- **What this task involves**
Would you give the entries below again, precisely as they are written?

================

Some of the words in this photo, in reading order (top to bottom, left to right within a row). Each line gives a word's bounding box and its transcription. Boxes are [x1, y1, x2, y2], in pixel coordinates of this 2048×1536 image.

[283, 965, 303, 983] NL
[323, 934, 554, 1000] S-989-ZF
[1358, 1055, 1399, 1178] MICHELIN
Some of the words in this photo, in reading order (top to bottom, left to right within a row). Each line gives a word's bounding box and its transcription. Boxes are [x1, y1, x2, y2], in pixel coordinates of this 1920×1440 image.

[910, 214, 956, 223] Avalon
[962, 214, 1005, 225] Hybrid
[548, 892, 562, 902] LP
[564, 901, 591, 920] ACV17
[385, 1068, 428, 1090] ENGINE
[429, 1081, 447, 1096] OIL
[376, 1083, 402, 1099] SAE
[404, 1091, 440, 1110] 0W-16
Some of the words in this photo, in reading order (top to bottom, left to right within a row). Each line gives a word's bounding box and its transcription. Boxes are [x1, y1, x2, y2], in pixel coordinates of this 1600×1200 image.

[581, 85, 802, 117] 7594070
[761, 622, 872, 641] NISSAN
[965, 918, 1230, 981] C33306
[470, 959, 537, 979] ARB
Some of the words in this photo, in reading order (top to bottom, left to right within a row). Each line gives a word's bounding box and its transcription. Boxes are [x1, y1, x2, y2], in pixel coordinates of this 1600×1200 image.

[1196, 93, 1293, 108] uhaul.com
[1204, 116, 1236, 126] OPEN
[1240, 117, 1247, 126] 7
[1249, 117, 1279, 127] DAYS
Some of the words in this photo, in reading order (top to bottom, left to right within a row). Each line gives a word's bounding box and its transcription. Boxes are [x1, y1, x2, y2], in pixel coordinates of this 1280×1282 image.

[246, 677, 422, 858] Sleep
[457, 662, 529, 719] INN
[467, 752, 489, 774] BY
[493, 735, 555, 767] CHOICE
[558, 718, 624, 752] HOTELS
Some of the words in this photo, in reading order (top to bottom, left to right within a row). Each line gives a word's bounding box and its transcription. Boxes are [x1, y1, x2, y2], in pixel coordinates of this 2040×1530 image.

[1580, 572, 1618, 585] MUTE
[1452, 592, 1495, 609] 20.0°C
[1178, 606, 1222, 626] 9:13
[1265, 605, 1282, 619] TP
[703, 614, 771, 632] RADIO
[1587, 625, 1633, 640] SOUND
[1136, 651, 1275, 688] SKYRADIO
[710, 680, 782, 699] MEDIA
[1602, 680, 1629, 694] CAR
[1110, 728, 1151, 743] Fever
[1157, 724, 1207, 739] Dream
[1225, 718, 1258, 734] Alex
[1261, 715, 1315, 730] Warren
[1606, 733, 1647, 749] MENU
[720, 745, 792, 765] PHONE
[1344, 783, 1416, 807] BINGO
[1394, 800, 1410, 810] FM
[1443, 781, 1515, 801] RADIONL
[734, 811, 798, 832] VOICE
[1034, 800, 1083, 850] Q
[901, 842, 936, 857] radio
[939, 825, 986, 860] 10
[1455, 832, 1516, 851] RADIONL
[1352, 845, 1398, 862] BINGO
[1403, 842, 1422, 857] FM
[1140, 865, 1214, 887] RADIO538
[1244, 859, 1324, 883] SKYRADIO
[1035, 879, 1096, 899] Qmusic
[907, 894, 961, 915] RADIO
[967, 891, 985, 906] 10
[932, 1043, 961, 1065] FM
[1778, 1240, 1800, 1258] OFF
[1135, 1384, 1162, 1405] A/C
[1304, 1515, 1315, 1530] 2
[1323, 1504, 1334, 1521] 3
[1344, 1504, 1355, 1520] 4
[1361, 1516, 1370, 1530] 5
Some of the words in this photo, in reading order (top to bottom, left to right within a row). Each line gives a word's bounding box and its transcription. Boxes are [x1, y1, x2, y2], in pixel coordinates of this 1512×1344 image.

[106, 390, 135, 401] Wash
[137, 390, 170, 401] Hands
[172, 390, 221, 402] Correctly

================

- **Task solution**
Some of the words in this photo, in reading order (top to bottom, left to right within a row). Each line gives a word's bounding box and its transcription. Boxes are [x1, y1, x2, y2], in pixel coordinates of this 2048×1536 image.

[283, 965, 303, 983] NL
[323, 934, 554, 1000] S-989-ZF
[1358, 1055, 1399, 1178] MICHELIN
Some of the words in this photo, in reading order (top to bottom, left to right within a row). Each line gives a word's bounding box and its transcription. Boxes are [x1, y1, x2, y2], in pixel coordinates of this 1920×1440 image.

[910, 214, 956, 223] Avalon
[962, 214, 1005, 225] Hybrid
[548, 892, 562, 902] LP
[564, 901, 591, 920] ACV17
[385, 1068, 428, 1090] ENGINE
[429, 1081, 447, 1096] OIL
[376, 1083, 402, 1099] SAE
[404, 1091, 440, 1110] 0W-16
Some of the words in this photo, in reading order (top to bottom, left to right within a row). Each line gives a word's bounding box and its transcription. Boxes are [x1, y1, x2, y2], in pixel coordinates of this 1600×1200 image.

[581, 85, 802, 117] 7594070
[761, 622, 872, 641] NISSAN
[965, 918, 1230, 981] C33306
[470, 959, 537, 979] ARB
Some of the words in this photo, in reading order (top to bottom, left to right within a row). Each line gives a word's bounding box and its transcription. Boxes are [x1, y1, x2, y2], in pixel coordinates of this 1600×1200 image.

[1196, 93, 1293, 108] uhaul.com
[1204, 116, 1236, 126] OPEN
[1240, 117, 1247, 126] 7
[1249, 117, 1279, 127] DAYS
Some of the words in this photo, in reading order (top to bottom, left to right within a row). Each line gives a word's bounding box and its transcription. Boxes are [x1, y1, x2, y2], in pixel coordinates of this 1280×1282 image.

[246, 677, 422, 858] Sleep
[457, 662, 529, 719] INN
[467, 752, 489, 774] BY
[493, 735, 555, 767] CHOICE
[558, 718, 624, 752] HOTELS
Some of the words in this photo, in reading order (top to bottom, left to right within a row). Each line gives a word's bounding box and its transcription. Boxes are [x1, y1, x2, y2], in pixel coordinates of this 2040×1530 image.

[1580, 572, 1618, 585] MUTE
[1452, 592, 1495, 609] 20.0°C
[1178, 606, 1222, 626] 9:13
[1265, 605, 1282, 619] TP
[703, 614, 771, 632] RADIO
[1587, 625, 1633, 640] SOUND
[1136, 651, 1275, 688] SKYRADIO
[710, 680, 782, 699] MEDIA
[1602, 680, 1629, 694] CAR
[1110, 728, 1151, 743] Fever
[1157, 724, 1207, 739] Dream
[1225, 718, 1258, 734] Alex
[1261, 715, 1315, 730] Warren
[1606, 733, 1647, 749] MENU
[720, 745, 792, 765] PHONE
[1344, 783, 1416, 807] BINGO
[1394, 800, 1410, 810] FM
[1443, 781, 1515, 801] RADIONL
[734, 811, 798, 832] VOICE
[1034, 800, 1083, 850] Q
[901, 842, 936, 857] radio
[939, 825, 986, 860] 10
[1455, 832, 1516, 851] RADIONL
[1352, 845, 1398, 862] BINGO
[1403, 842, 1422, 857] FM
[1140, 865, 1214, 887] RADIO538
[1244, 859, 1324, 883] SKYRADIO
[1035, 879, 1096, 899] Qmusic
[907, 894, 961, 915] RADIO
[967, 891, 985, 906] 10
[932, 1043, 961, 1065] FM
[1778, 1240, 1800, 1258] OFF
[1135, 1384, 1162, 1405] A/C
[1304, 1515, 1315, 1530] 2
[1323, 1504, 1334, 1521] 3
[1344, 1504, 1355, 1520] 4
[1361, 1516, 1370, 1530] 5
Some of the words in this photo, in reading order (top to bottom, left to right within a row). Each line gives a word's bounding box and its transcription. Boxes are [x1, y1, x2, y2], in pixel coordinates of this 1512×1344 image.

[106, 390, 135, 401] Wash
[137, 390, 170, 401] Hands
[172, 390, 221, 402] Correctly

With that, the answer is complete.